[[ THE INPUT, beginning ]]
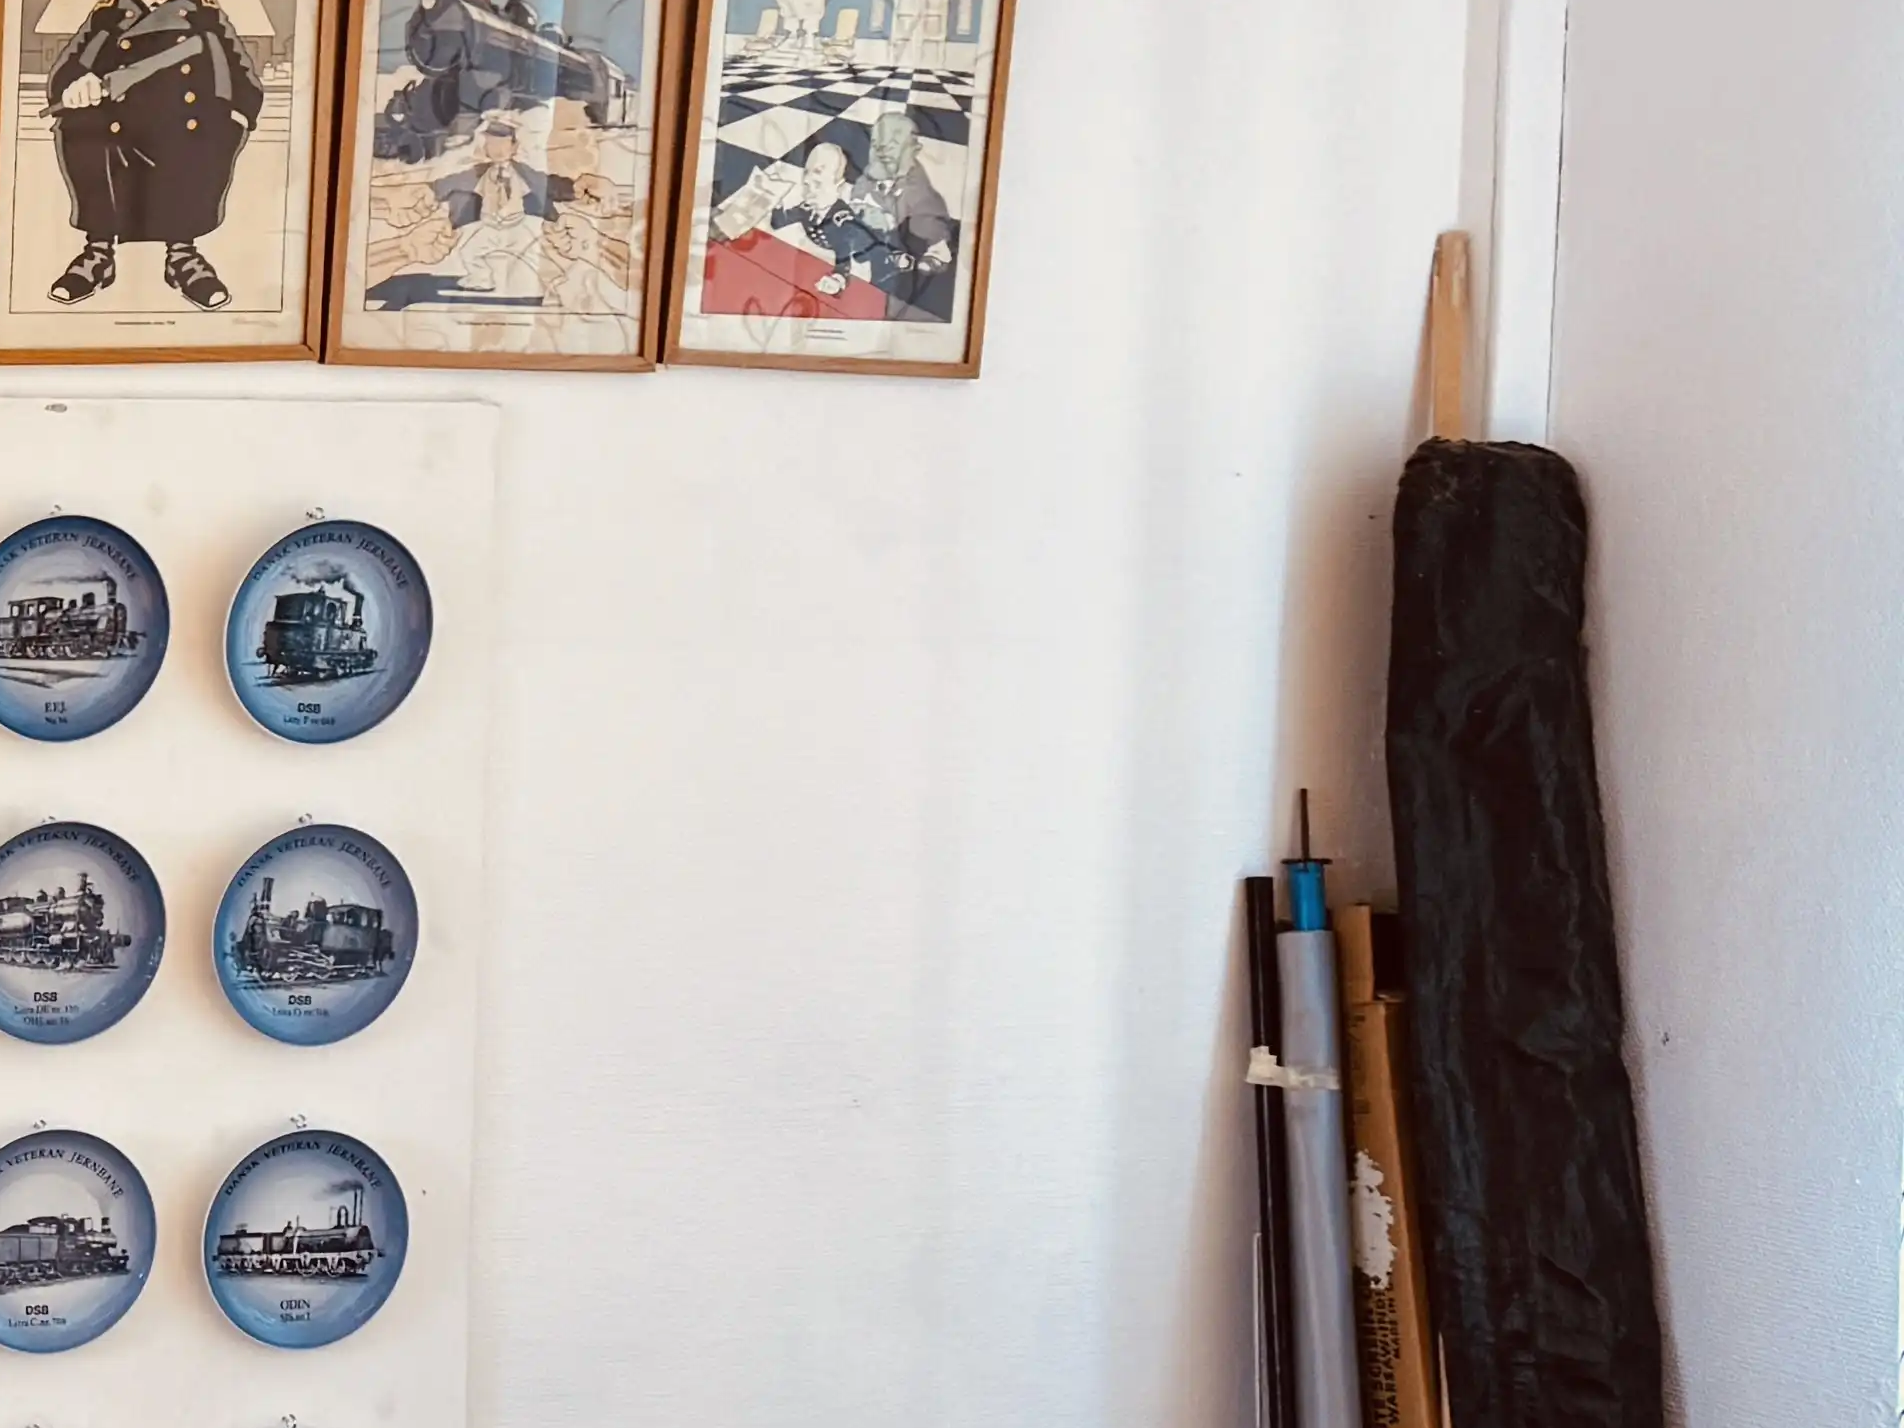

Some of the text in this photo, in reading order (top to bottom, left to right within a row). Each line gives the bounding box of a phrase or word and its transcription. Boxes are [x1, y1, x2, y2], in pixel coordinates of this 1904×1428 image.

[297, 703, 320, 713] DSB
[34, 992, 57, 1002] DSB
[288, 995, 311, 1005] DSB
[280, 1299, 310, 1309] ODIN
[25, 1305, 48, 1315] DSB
[[ THE INPUT, end ]]
EXERCISE AIM
Make a verbatim copy of all the entries and strip out the pictures.

RESPONSE
Some of the text in this photo, in reading order (top to bottom, left to right within a row). Each line gives the bounding box of a phrase or word and its transcription. Boxes are [x1, y1, x2, y2], in pixel coordinates of this 1904×1428 image.

[297, 703, 320, 713] DSB
[34, 992, 57, 1002] DSB
[288, 995, 311, 1005] DSB
[280, 1299, 310, 1309] ODIN
[25, 1305, 48, 1315] DSB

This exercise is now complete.